Stretching Before Running

Reduce Occurrence of Injury with Simple Stretching Techniques

© Lucia Jenkins

Aug 21, 2009
Stretching Before Running to Reduce Injury, k_vohsen
Stretching can benefit runners by keeping muscles loose, improving flexibility and even improving speed.

The importance of stretching before going out for a run is very important as is stretching the correct way. Not stretching or stretching improperly can lead to injuries that could prevent running for months. Stretching can benefit runners by keeping muscles loose, improving flexibility and even improving speed.

Stretching Strategies for Running

Stretching muscles first thing in the morning may be dangerous, so try a brief warm up to loosen morning muscles before launching into a stretching routine. Do not bounce when stretching as this may cause muscles to tear or pull. Never stretch to the point of pain or discomfort as this could lead to muscle injury as well.

Gentle stretching when muscles are ready is the best approach. If running early in the morning, it may help to slowly jog for a few minutes to warm up and then stop to start the stretching routine. It is also beneficial to stretch after a long run or race. This will help reduce the build up of lactic acid and reduce muscle soreness.

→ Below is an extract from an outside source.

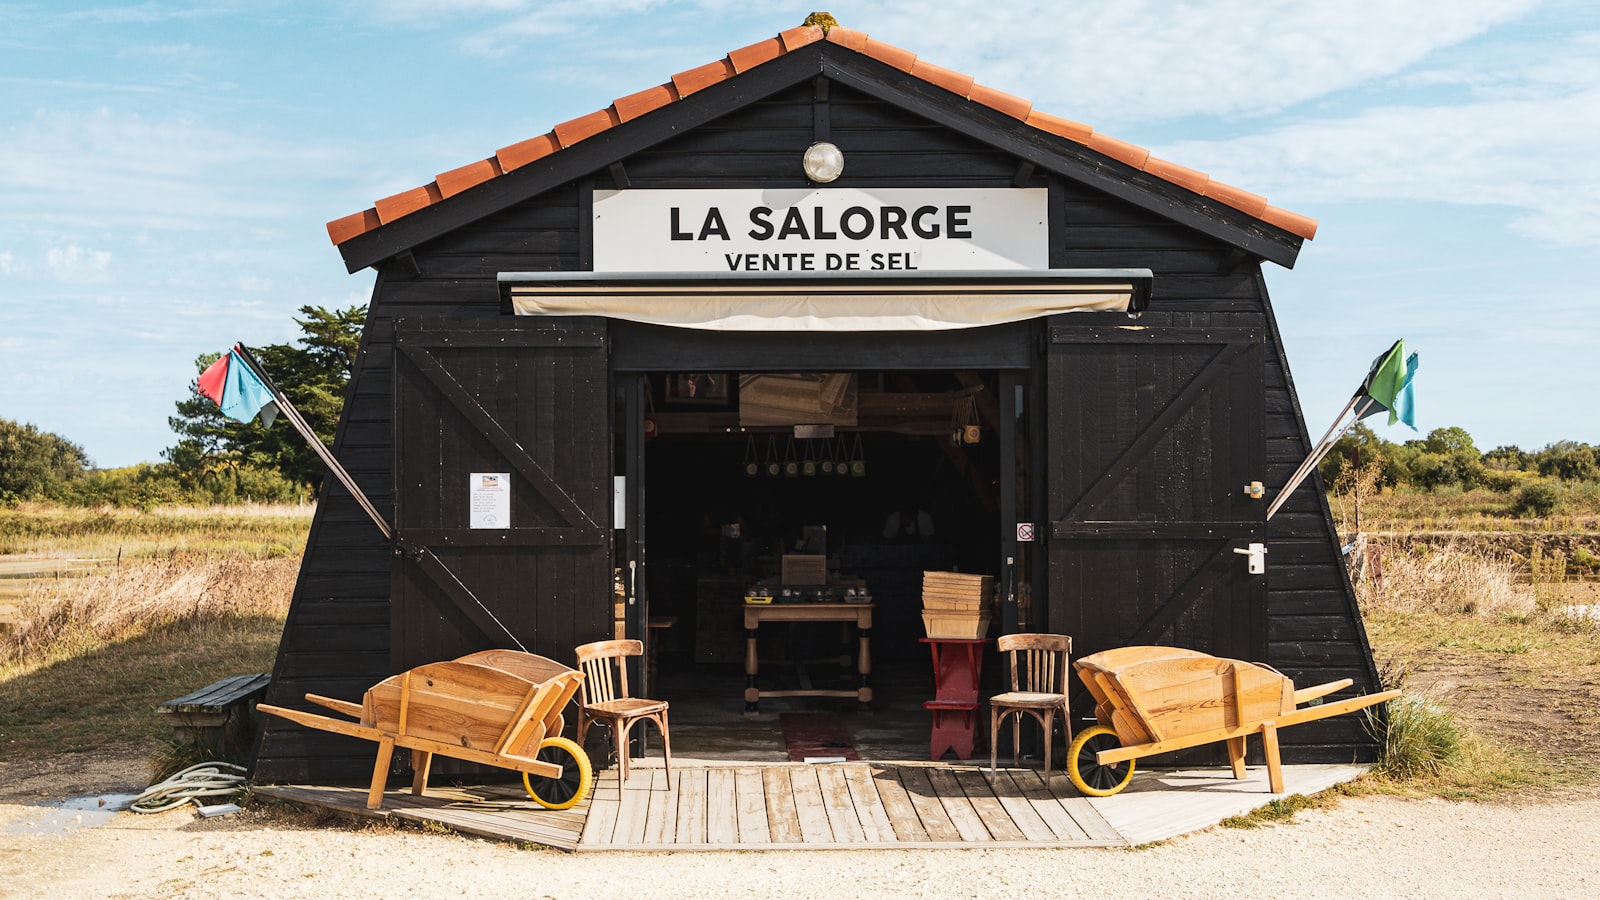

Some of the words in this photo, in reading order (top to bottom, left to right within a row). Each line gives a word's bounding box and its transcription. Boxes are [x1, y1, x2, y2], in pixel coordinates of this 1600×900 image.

Hold each gentle stretch for about 30 seconds before gently releasing the stretch. For runners, total body stretching is beneficial, but the focus should mainly be on thighs, calves, shins, buttocks and hips. Pay attention to signs of overstretching or contracting muscles. Slowly release stretches to avoid injury.

Effective Stretching Exercises

Try the following stretching exercise before and after a run to keep muscles loose, improve flexibility and reduce soreness ad injury.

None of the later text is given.